What is a child syndrome?
Congenital hemidysplasia with erythoderma ichthyosiform or child syndrome is an unusual genetic disorder. Patients with this condition experience a lack of development on the one hand, usually on the right side, and may have medical complications in the case of internal organs. Girls are most likely to develop child syndrome due to the pattern of genetic inheritance. The rarity of the condition is considered minimal during pregnancy unless there is a family history to consider. They have unusually low cholesterol and also experience the accumulation of products that the body should normally rinse, which seem to grow in fetal development and after birth. Usually, signs of a child syndrome in a very small age are easy to detect. Especially along the folds as on the elbows. One or more limbs may also be unusual; For example, the patient may miss fingers and fingers or whole limbs. Sometimes the lack of development includes internal organs on this side, which may lead to heart, lung and kidney problemsInami. Some tests can confirm the diagnosis of the child's syndrome if the doctor wants to be absolutely certain of the patient's condition.
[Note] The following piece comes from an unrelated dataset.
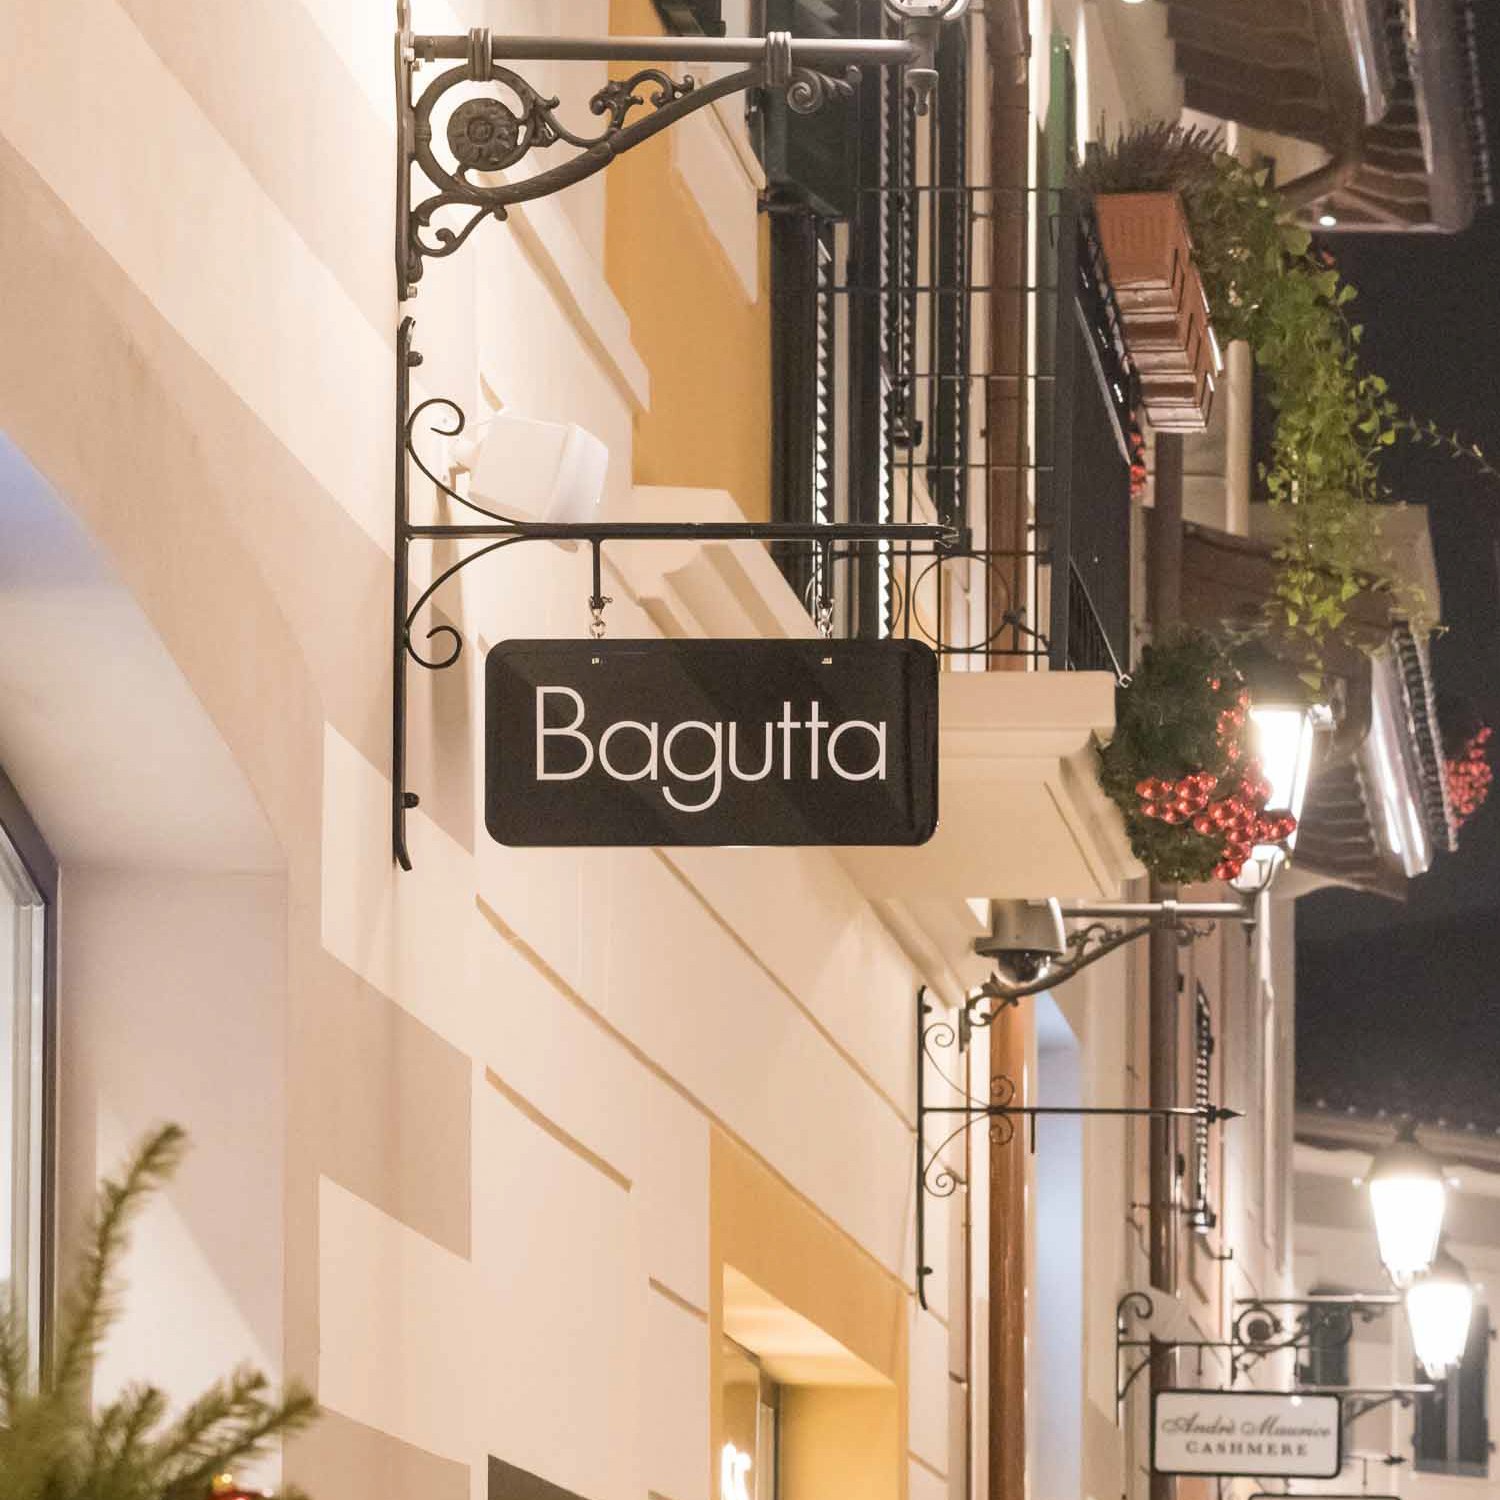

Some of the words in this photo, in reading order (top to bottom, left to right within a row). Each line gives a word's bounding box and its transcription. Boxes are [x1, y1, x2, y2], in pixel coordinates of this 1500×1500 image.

[536, 686, 887, 813] Bagutta
[1240, 1415, 1332, 1437] Maurice
[1185, 1440, 1309, 1456] CASHMERE
The exact mechanism involved in the development of the child's syndrome is not fully understood. It is a feature bound to X, associated with chromosomes x carried by women, and therefore girls appear more often in girls. Patients with this condition have a demonstrable problem with the genes involved in cholesterol production, but the exact reason why low cholesterol and the accumulation of by -products causes insufficient development to be unknown. Research includes attempts to accurately understand how this is a storyline and develop better treatment options for patients.
Since 2011, there has been no medicine for this condition. Treatment of a child syndrome focuses on mastering symptoms and maintaining the patient's comfort. This may include surgery, prosthetics for comfort and physical therapy. Some patients require mobility aids and help with themby which tasks of everyday life. The skin may also require treatment to solve irritated patches and reduce pain and tenderness.
Some patients consider it useful to join supporting groups and connect with other people who have similar conditions. The rarity of the child syndrome can make it difficult to meet other patients, but other genetic conditions can cause similar skin and skeleton problems. People living with these conditions can have tips and advice for patients and parents with concern.